I hastily called the Star Tribune’s travel agent (we had such a thing back then), and she booked me on a $1,400 flight for that afternoon (we had that kind of money and then some in 2002, years before the Internet turned our business model upside down). I remember doing a load of laundry, printing out some stories for background to read on the plane, and heading to Norman, Okla.
Arriving that night, I found several athletes and Gophers coach Fred Roethlisberger in the heat of Day 2 of a three-day competition. Roethlisberger, who had only heard the news that his program was on the chopping block while at the NCAA meet, demanded to know why I was there and said some unprintable things about the Star Tribune and my sports editor’s decision to send me to ask about the potential cuts.
“I guarantee you we will be back competing in the NCAAs next year,” he said not long after I arrived on Friday in a loud, brief and animated interview. “If you want to write something, put that in there.”
In a separate interview Saturday, he reiterated that nothing had been settled. “Yudof has floated trial balloons before,” Roethlisberger said. “There’s no reason to think this will stick any more than anything else.”
As I cobbled together reports that weekend, including a long cover story for Sunday’s paper that I finished Saturday night as I watched my alma mater defeat Maine in overtime to win its first NCAA men’s hockey title in 23 years — on a tiny press box TV in Oklahoma, not live at the X — I had no idea just how right Roethlisberger was.
Sure enough and soon enough, a “Save Gopher Sports” fundraising effort was launched. They raised the requisite money needed to stave off cuts to all three programs — $2.7 million, which might not even buy you a starting quarterback at some schools these days — and order was restored.
The men’s gymnastics program survived another 18 years until it met its ultimate fate along with men’s indoor track and men’s tennis. Those programs were unable in 2020 to survive Title IX compliance, tight budgets and the convenient cover of Covid-19.
That’s not to say there wasn’t a real financial crisis four years ago at the U, which gets back to the original point: There’s always a financial crisis at the U.
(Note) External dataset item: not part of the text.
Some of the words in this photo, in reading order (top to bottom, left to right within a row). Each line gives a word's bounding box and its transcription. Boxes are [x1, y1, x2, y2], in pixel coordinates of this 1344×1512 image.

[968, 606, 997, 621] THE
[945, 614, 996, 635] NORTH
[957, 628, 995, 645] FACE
All of which brings us to the latest incarnation: How in the world the Gophers are going to find $21 million a year in their budget to pay athletes starting in the 2025-26 schoolyear, something I talked about on Thursday’s Daily Delivery podcast.
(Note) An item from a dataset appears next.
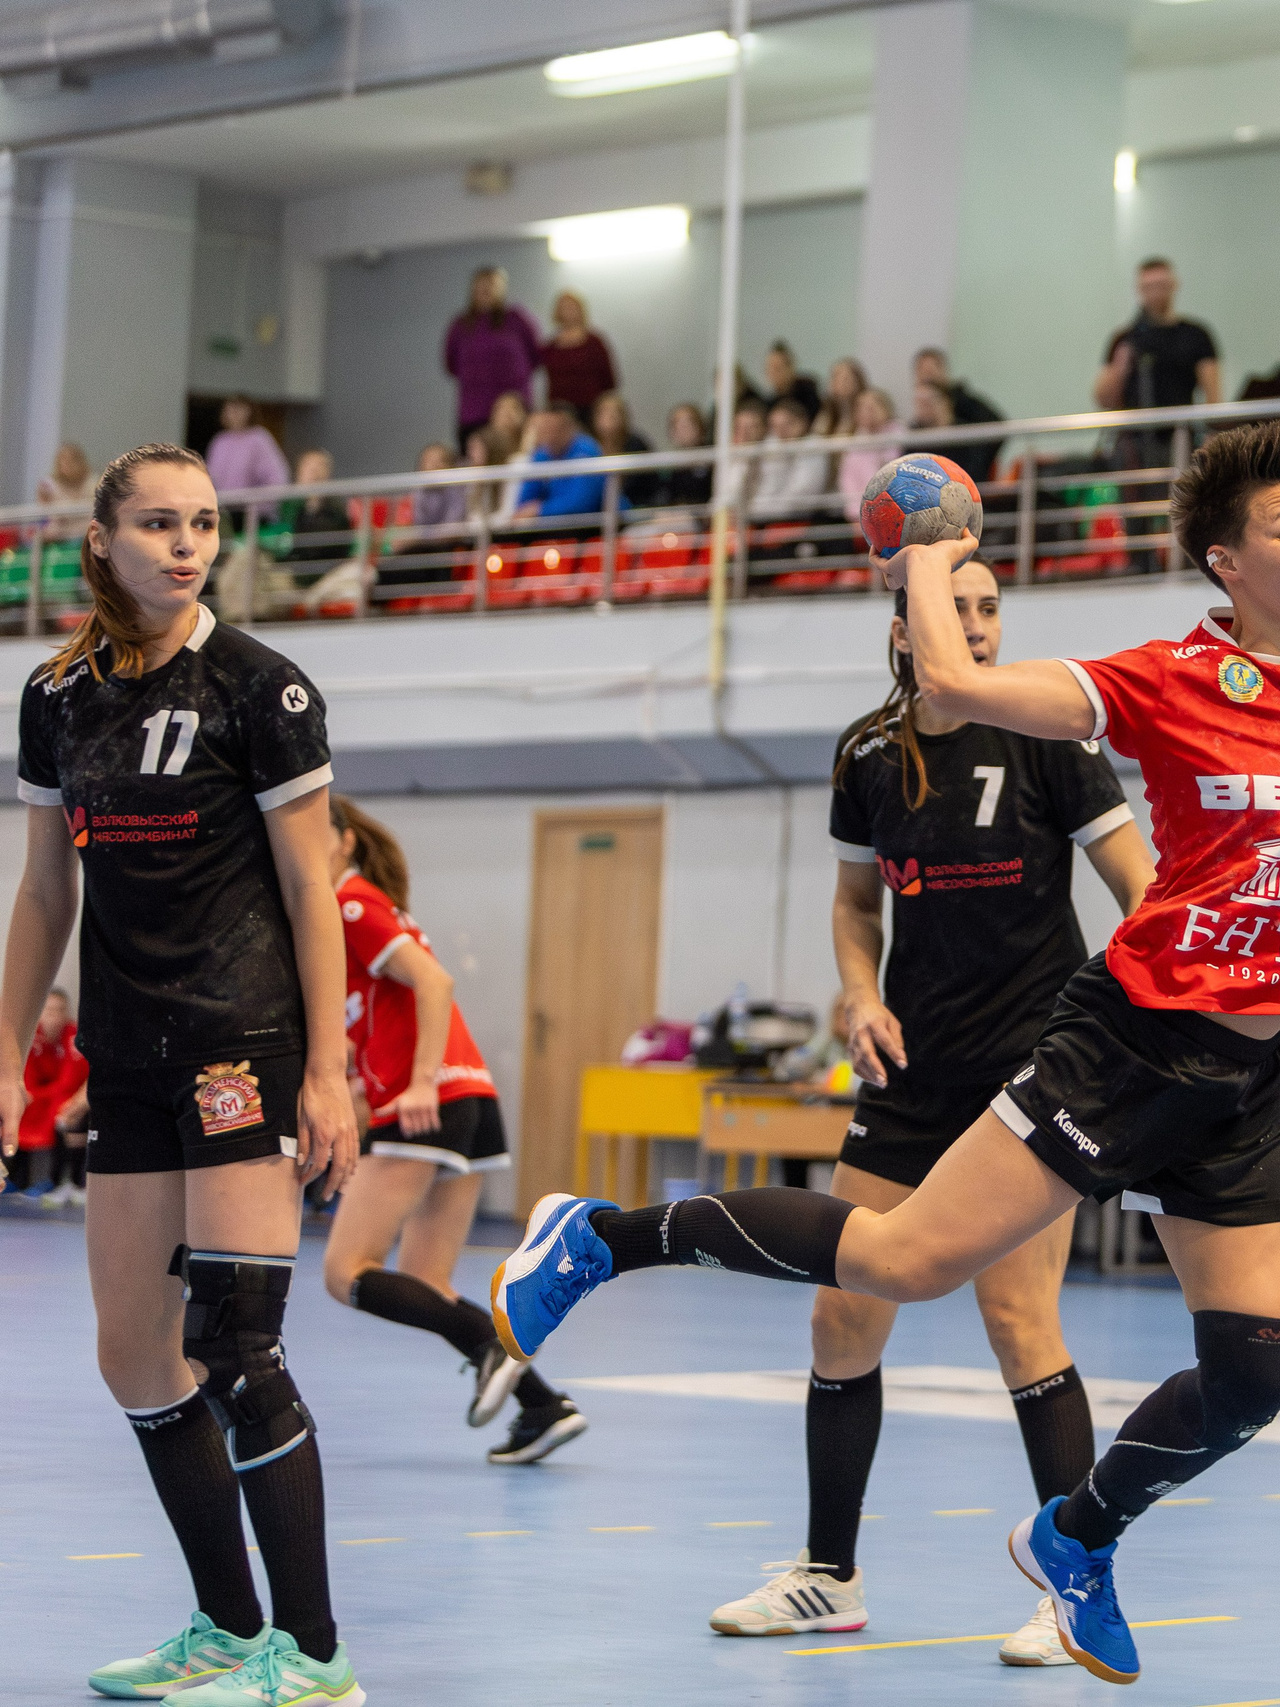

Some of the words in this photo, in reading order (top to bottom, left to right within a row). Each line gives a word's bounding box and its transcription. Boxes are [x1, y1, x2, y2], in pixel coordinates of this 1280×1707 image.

The problem again is real, part of a pace of change in college sports over the last few years that would be laughable if it wasn’t so exhausting. A rigged system has come undone, and now the bills are due.
Money from bloated TV contracts and big-time college football will pay for some of it, Gophers AD Mark Coyle told the U’s Board of Regents on Wednesday. He only hinted at the rest, but it shouldn’t come as a surprise.
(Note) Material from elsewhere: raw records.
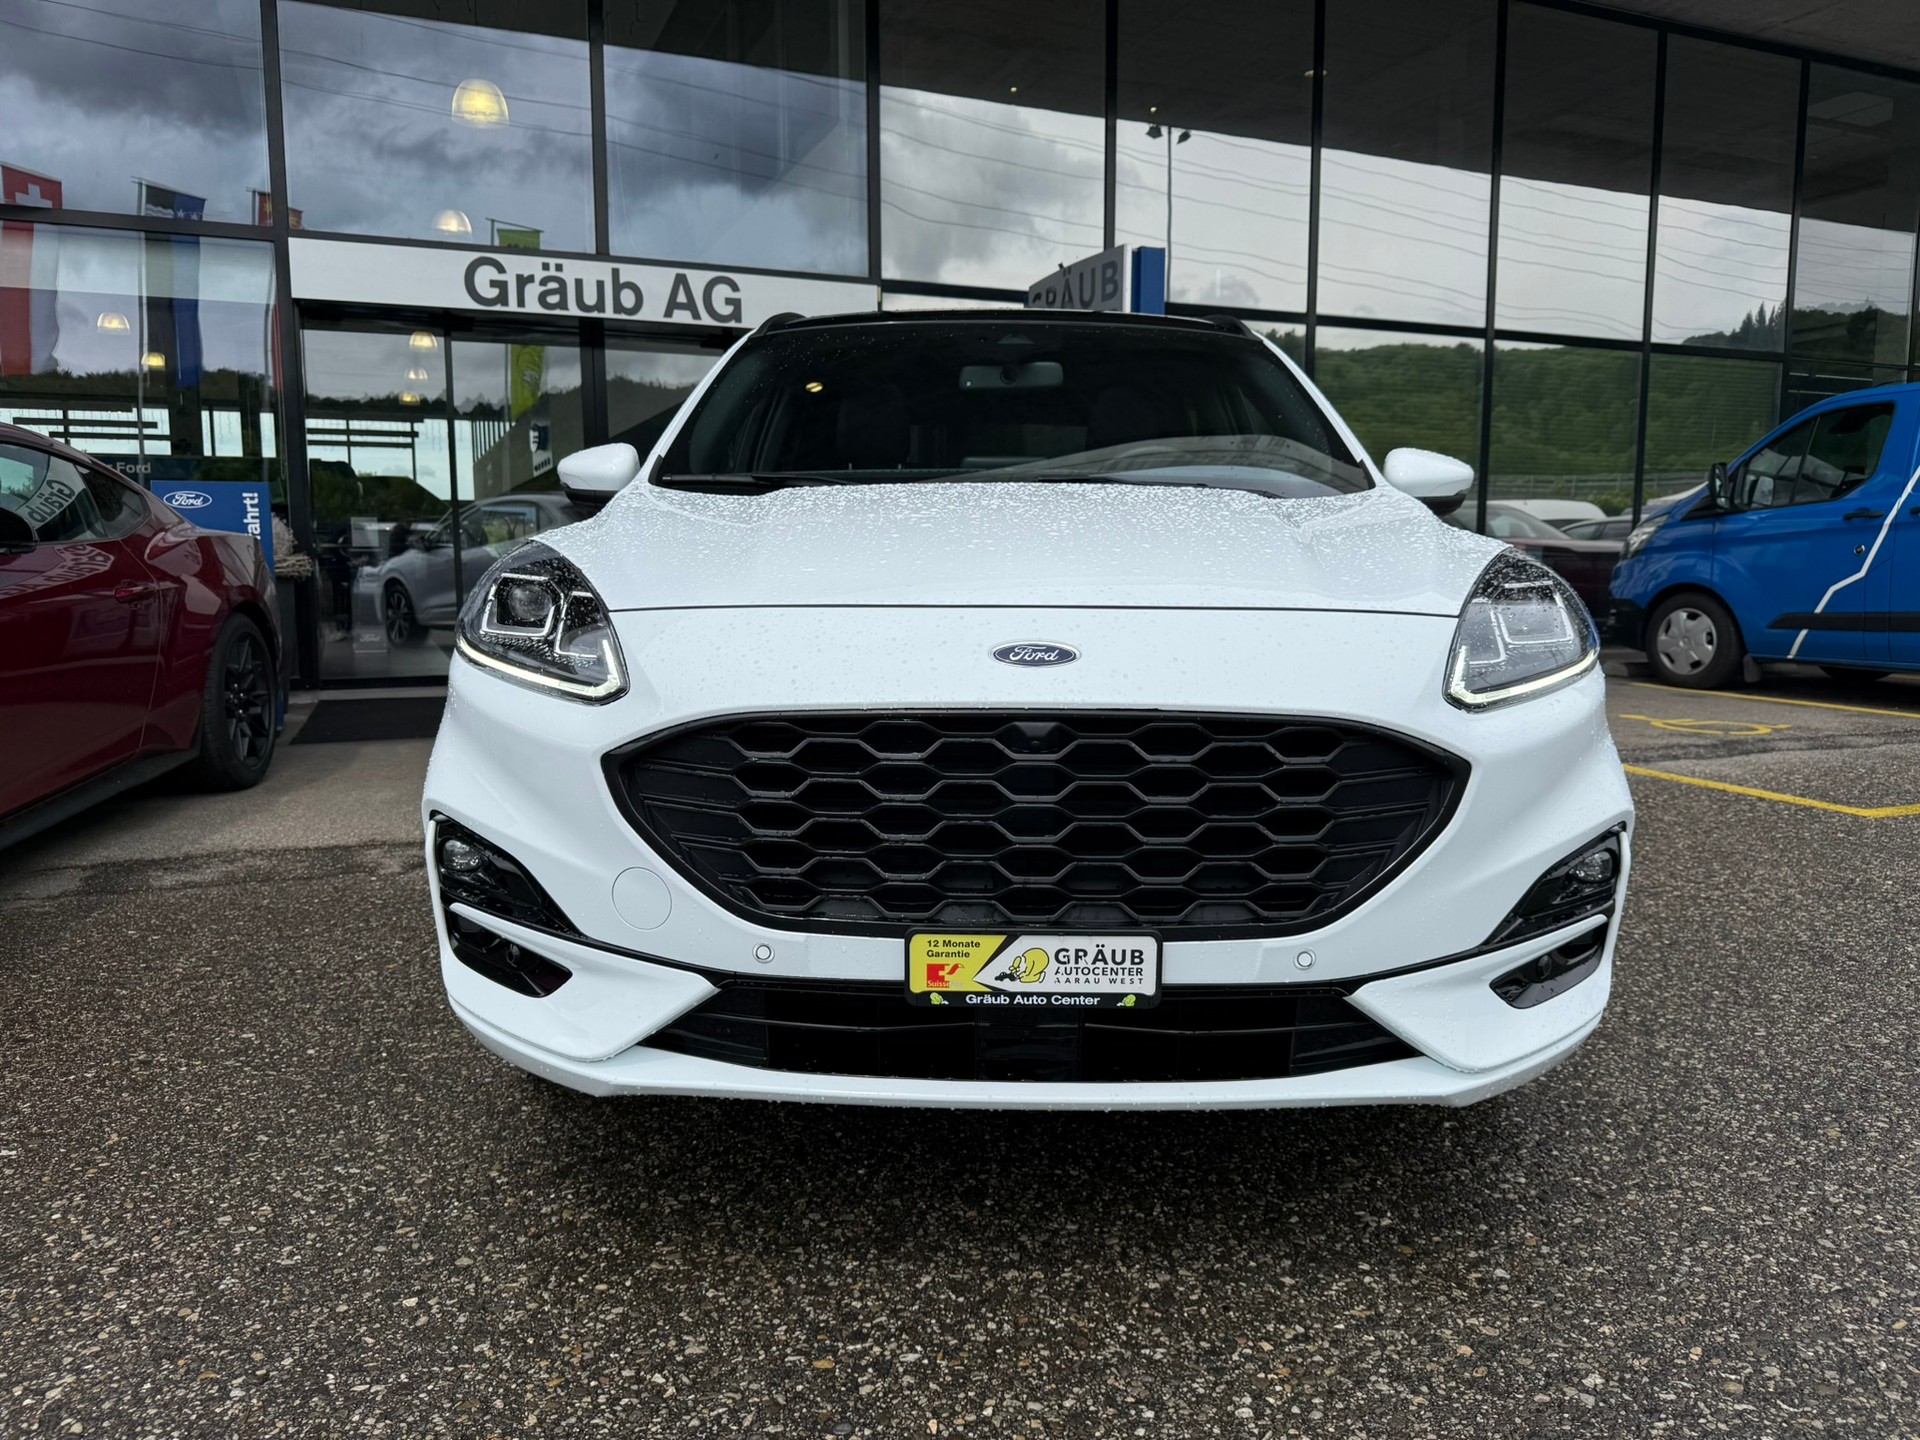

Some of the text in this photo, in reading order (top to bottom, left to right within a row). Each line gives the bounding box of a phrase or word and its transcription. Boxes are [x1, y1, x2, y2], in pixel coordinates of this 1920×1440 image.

[464, 256, 742, 323] Gräub AG
[116, 462, 151, 474] Ford
[172, 493, 203, 506] Ford
[242, 492, 261, 540] ahrt!
[1009, 645, 1059, 661] Ford
[927, 940, 981, 948] 12 Monate
[926, 949, 970, 958] Garantie
[1054, 944, 1144, 966] GRÄUB
[1054, 966, 1144, 977] AUTOCENTER
[1054, 977, 1144, 985] AARAU WEST
[965, 994, 1100, 1006] Gräub Auto Center
“As we face these new challenges, ideally when you look at our 22 sports programs, we need to focus on what we provide our student athletes,” Coyle said. “I think it’s going to look different.”
Translation: The programs that don’t make money should either prepare to compete against Midwest schools during the nonconference season or prepare for elimination.
The programs that do make money, with football at the top of the food chain, should prepare for a college athletics arms race conducted in the open, unlike anything we’ve ever seen.
An unofficial hierarchy of haves, have-somes and have-nots will form, and programs will know exactly where they stand when they see the budget (or if they don’t see one at all).
Roethlisberger, 81 now, would probably tell me that such a thing has always existed. Some of it will just be more plain to see as priorities solidify, and the rest of it will be softened by how we describe it (we don’t call them non-revenue sports these days. They’re Olympic sports).
This crisis will pass and get folded into How We Do Business, and another one will take its place. Maybe all the subsequent fires will feel bigger and harder to put out because that’s life these days.
But through it all remember this: None of this is new, even if it feels different.